(Records excerpted from a collection)
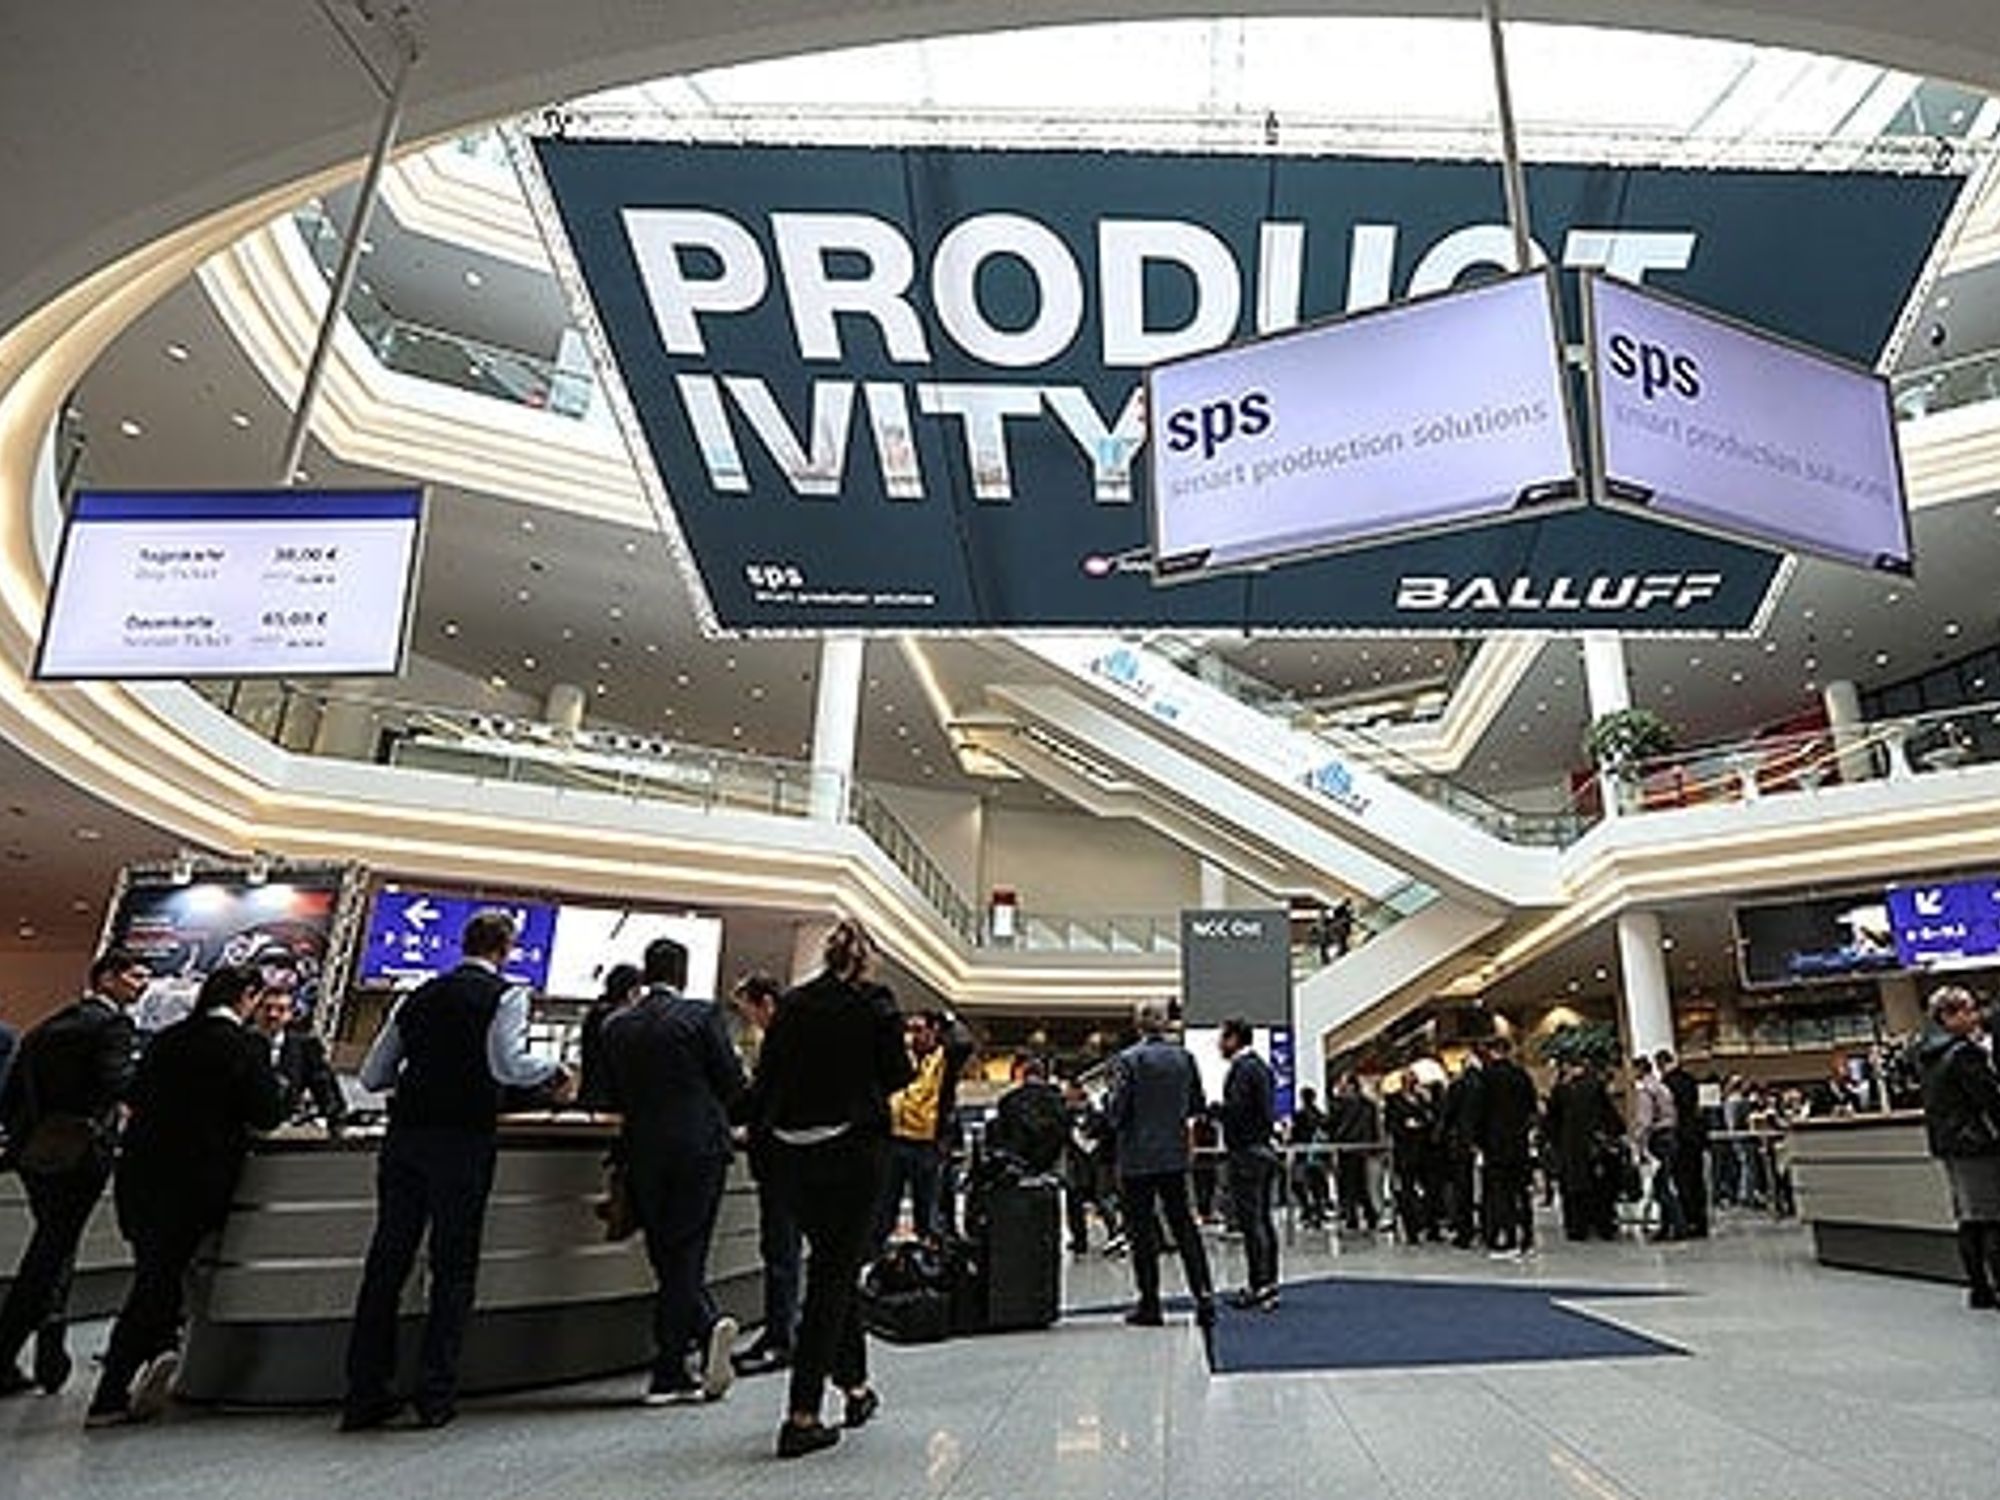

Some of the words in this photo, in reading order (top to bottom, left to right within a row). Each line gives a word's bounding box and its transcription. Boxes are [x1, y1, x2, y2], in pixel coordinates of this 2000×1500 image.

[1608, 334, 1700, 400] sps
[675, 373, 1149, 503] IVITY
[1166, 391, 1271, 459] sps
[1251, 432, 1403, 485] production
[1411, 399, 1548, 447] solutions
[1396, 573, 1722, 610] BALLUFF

**Exercise details:** Return the data verbatim, leaving out the pictures it holds.

**Exercise answer:**
Some of the words in this photo, in reading order (top to bottom, left to right within a row). Each line gives a word's bounding box and its transcription. Boxes are [x1, y1, x2, y2], in pixel coordinates of this 2000×1500 image.

[1608, 334, 1700, 400] sps
[675, 373, 1149, 503] IVITY
[1166, 391, 1271, 459] sps
[1251, 432, 1403, 485] production
[1411, 399, 1548, 447] solutions
[1396, 573, 1722, 610] BALLUFF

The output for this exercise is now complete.